Where competitors such as Fox and ABC have jumped in with both feet CBS corporate has held back. (Although some independent CBS channels have joined services such as PlayStation Vue, CBS-owned channels have held back.)
CBS seems to be putting the future of the network on the back of their CBS All-Access service. Their hope seems to be that their content will drive millions of Americans to subscribe. The problem is this puts all of their hopes in one service.
Unlike competing services such as Hulu and even services such as Sling TV CBS All Access has a fraction of the content. Would you rather pay for CBS content or get access to Fox, NBC, ABC, and a host of other networks and movies with Hulu? Would you rather pay for Sling with live access to a range of channels or CBS All Access with one channel?
Here are a few areas CBS All Access fails to hold up to their competitors.
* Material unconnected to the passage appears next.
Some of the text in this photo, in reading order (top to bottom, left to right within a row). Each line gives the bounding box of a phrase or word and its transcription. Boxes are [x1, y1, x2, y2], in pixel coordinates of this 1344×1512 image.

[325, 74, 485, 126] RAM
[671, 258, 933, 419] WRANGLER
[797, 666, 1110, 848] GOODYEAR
CBS All Access advertises 8,000+ episodes—not shows but episodes. Compare that to Netflix that recently had 4,335 movies and 1,197 shows. (A show can have anywhere from 10 to 22 episodes. If on average they have 15 episodes they could have over 17,000+ episodes. If they averaged just 10 episodes they would have 11,970 episodes.) That leaves you wondering if you are getting what you pay for with CBS All Access.
The second issue is the price. Starting at $5.99 for limited commercials or $9.99 a month for a commercial-free option it makes it hard to stand out against similarly priced services, especially when many Americans can get CBS over the air for free.
Why will this result in CBS’s failure?
CBS is playing a risky game here. Other networks have their content in multiple services allowing them to gain revenue even if you didn’t go to Hulu or Sling for Fox content. This diversification allows Fox and others to avoid potential revenue loss.
CBS is setting themselves up for a single point of failure by limiting the vast majority of their content to just one service at a high price.
If I had to pick one network at the greatest risk of failure right now it is CBS.
So what should CBS do?
CBS has two options. They could lower their price to a more reasonable $2.99 for CBS content with ads. This price would likely attract a much larger audience and bring in more revenue.
CBS could keep CBS All Access with their original shows such as the new Star Trek show and put other content on services such as Hulu and DirecTV Now. This would allow them to diversify their revenue and still get a premium price for their original shows.
Hopefully CBS will see there is a benefit to making their content more available to cord cutters without requiring them to pay a premium price for a small catalog of shows.